| WHAT IS REQUIRED |
Without changing a word, copy every line of the listing below and leave out the images.

| DATA SUPPLIED |

_ _ _ _ _ _ _

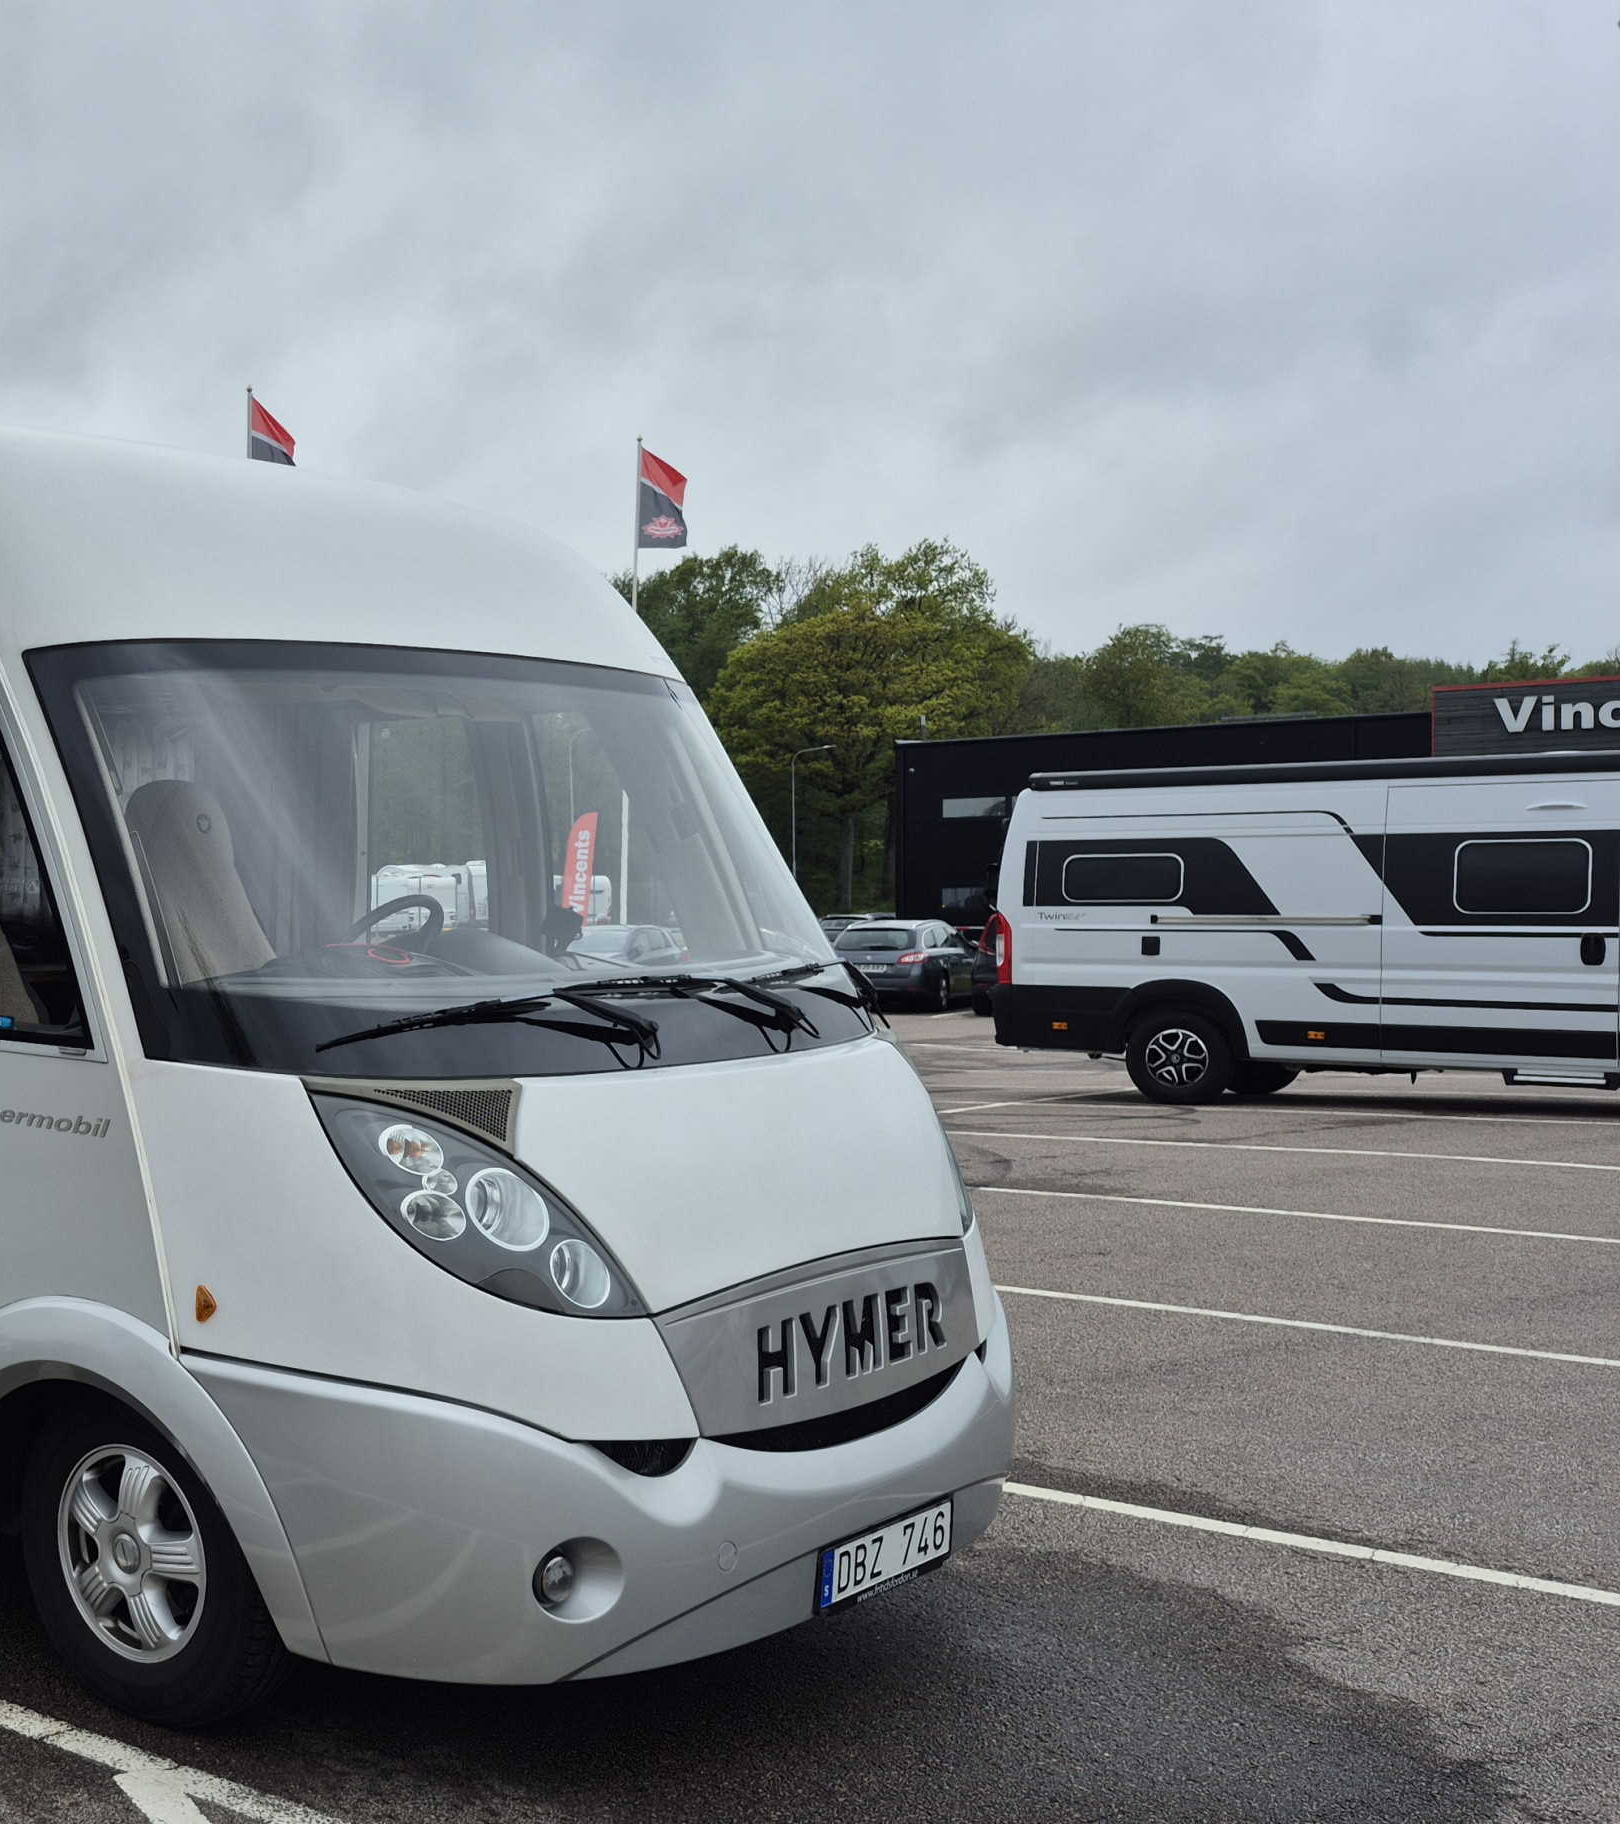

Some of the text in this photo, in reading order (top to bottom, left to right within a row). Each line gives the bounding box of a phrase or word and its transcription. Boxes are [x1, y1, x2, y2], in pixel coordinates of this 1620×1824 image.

[756, 1281, 948, 1407] HYMER
[822, 1584, 830, 1597] S
[837, 1510, 946, 1595] DBZ 746
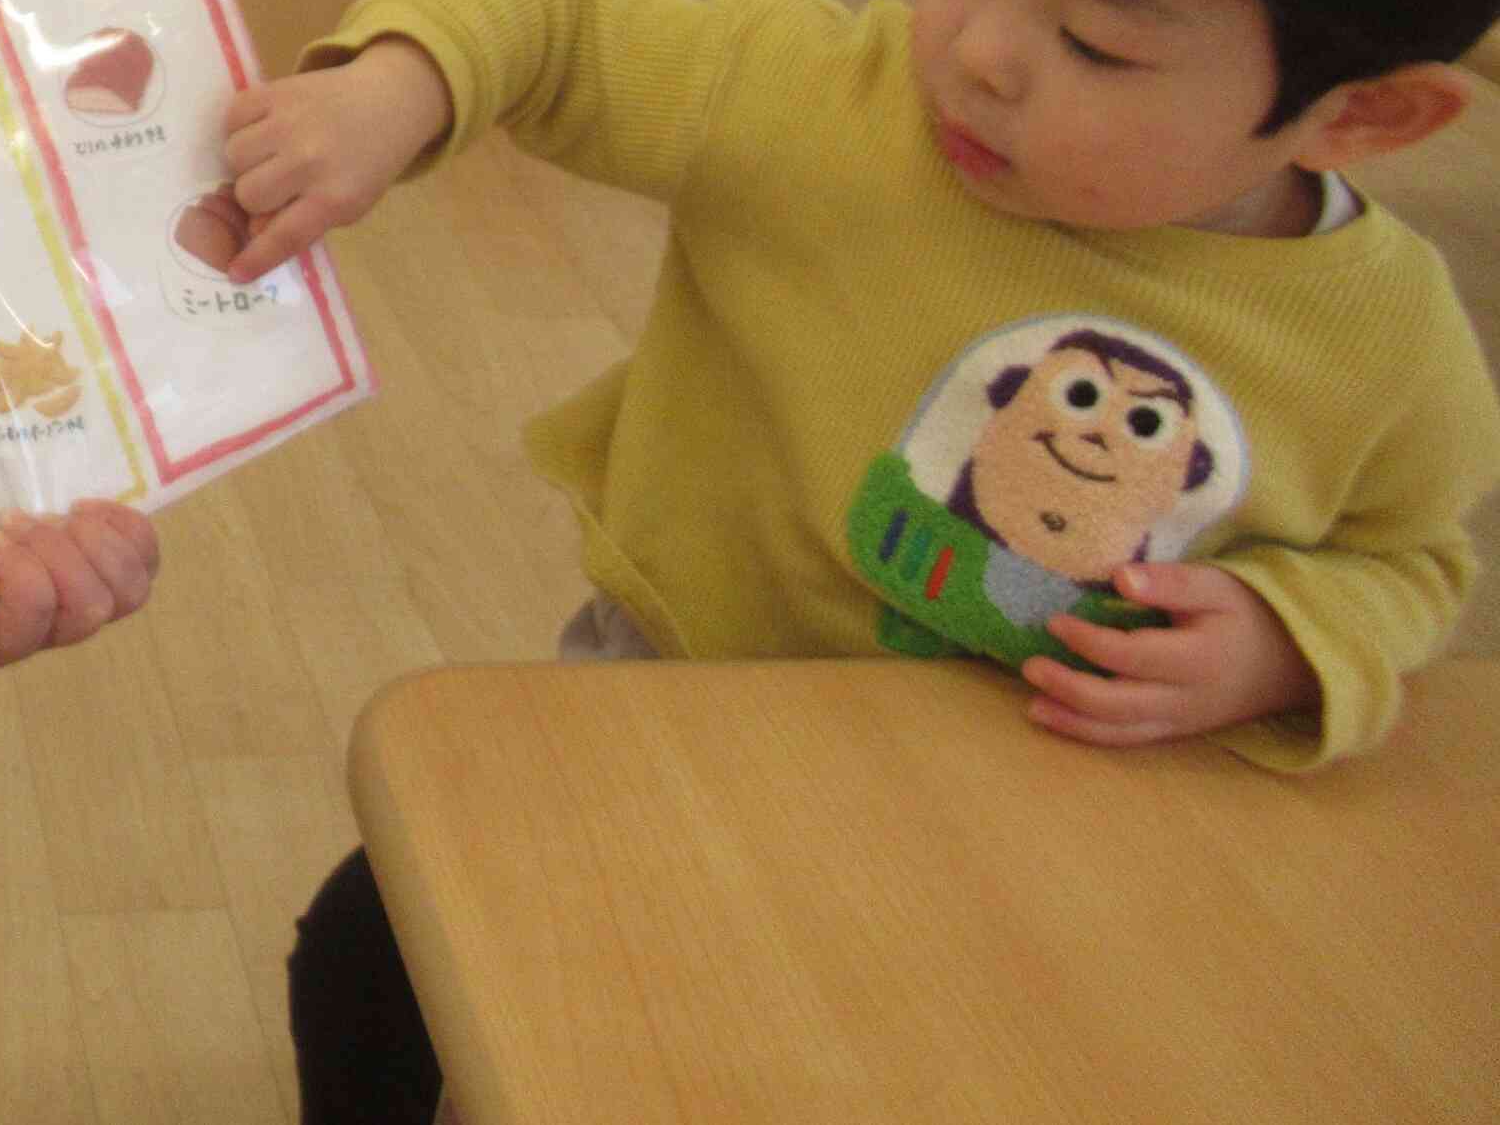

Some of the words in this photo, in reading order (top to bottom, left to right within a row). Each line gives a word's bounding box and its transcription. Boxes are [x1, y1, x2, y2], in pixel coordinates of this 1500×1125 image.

[182, 282, 278, 314] ミートローフ
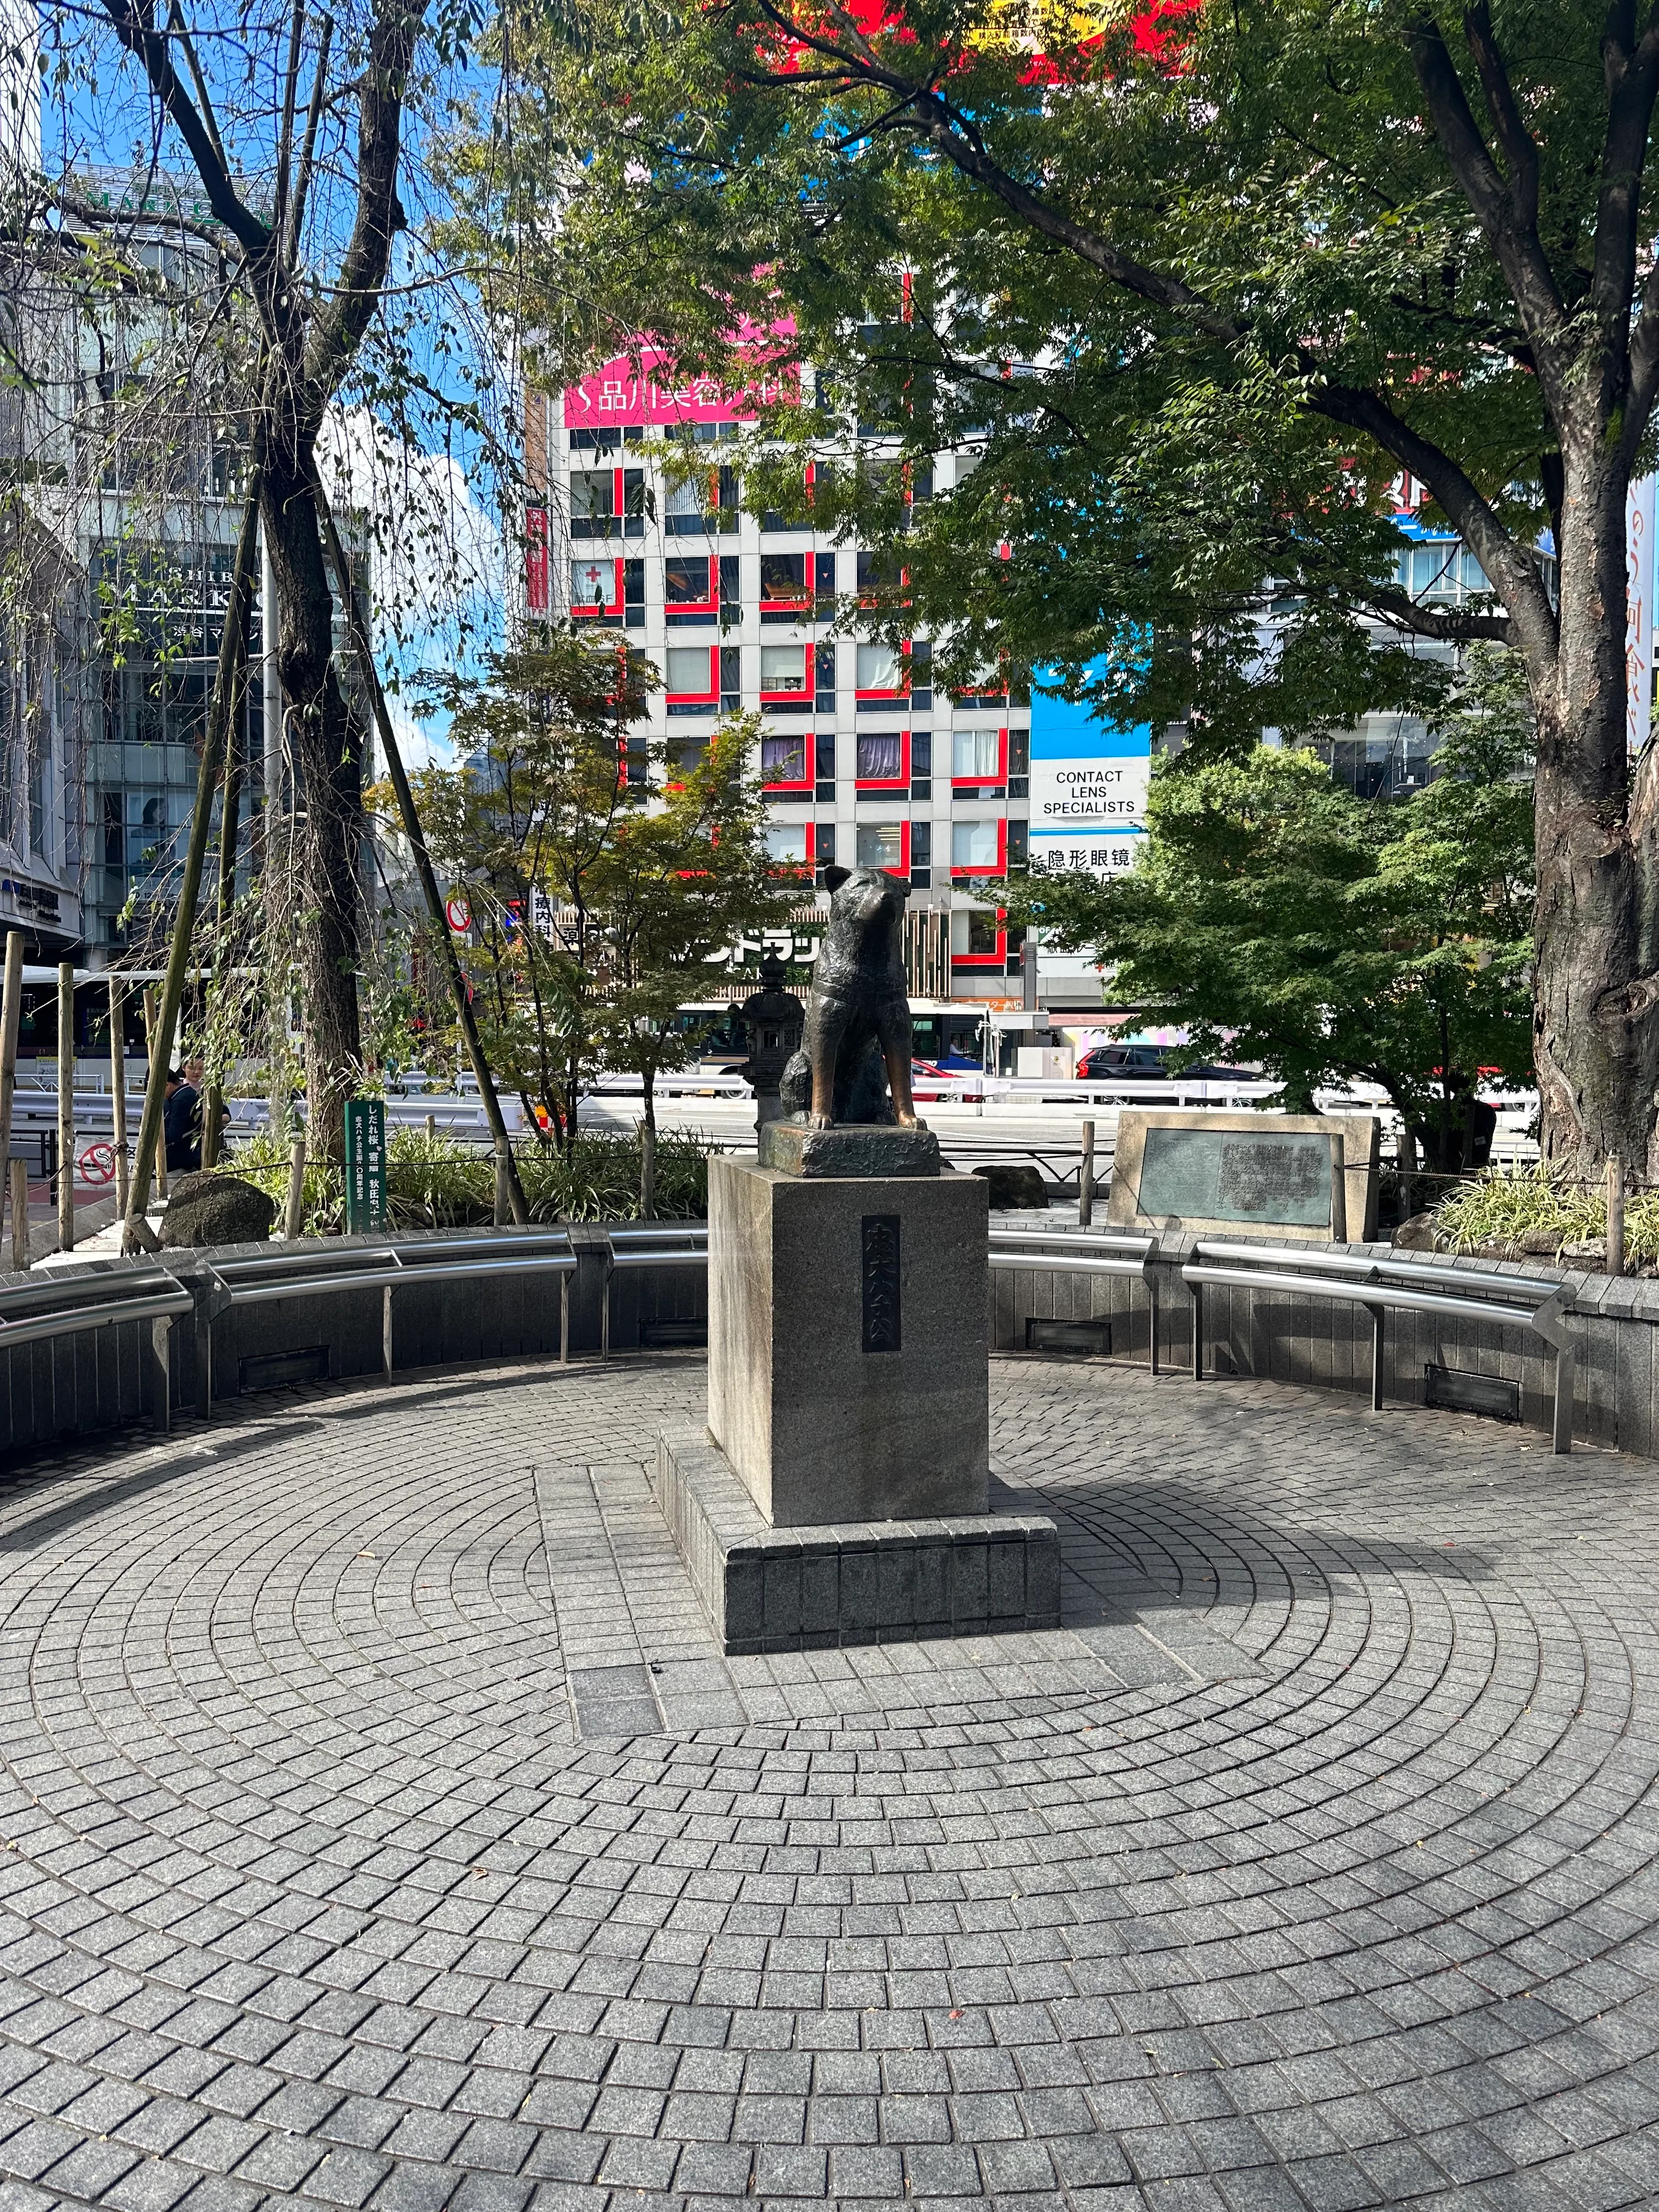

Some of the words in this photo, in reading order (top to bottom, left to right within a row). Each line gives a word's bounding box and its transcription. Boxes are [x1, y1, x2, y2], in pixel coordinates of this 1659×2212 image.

[1057, 770, 1123, 783] CONTACT
[1071, 786, 1107, 798] LENS
[1043, 800, 1135, 814] SPECIALISTS
[1048, 848, 1130, 867] 隐形眼镜
[368, 1104, 379, 1145] しだれ桜
[368, 1152, 380, 1172] 寄贈

_ _ _ _ _ _ _

| EXERCISE RESULT |
Some of the text in this photo, in reading order (top to bottom, left to right within a row). Each line gives the bounding box of a phrase or word and its transcription. Boxes are [x1, y1, x2, y2], in pixel coordinates of this 1620×1824 image.

[756, 1281, 948, 1407] HYMER
[822, 1584, 830, 1597] S
[837, 1510, 946, 1595] DBZ 746

Some of the words in this photo, in reading order (top to bottom, left to right within a row). Each line gives a word's bounding box and its transcription. Boxes are [x1, y1, x2, y2], in pixel coordinates of this 1500×1125 image.

[182, 282, 278, 314] ミートローフ

Some of the words in this photo, in reading order (top to bottom, left to right within a row). Each line gives a word's bounding box and its transcription. Boxes are [x1, y1, x2, y2], in pixel coordinates of this 1659×2212 image.

[1057, 770, 1123, 783] CONTACT
[1071, 786, 1107, 798] LENS
[1043, 800, 1135, 814] SPECIALISTS
[1048, 848, 1130, 867] 隐形眼镜
[368, 1104, 379, 1145] しだれ桜
[368, 1152, 380, 1172] 寄贈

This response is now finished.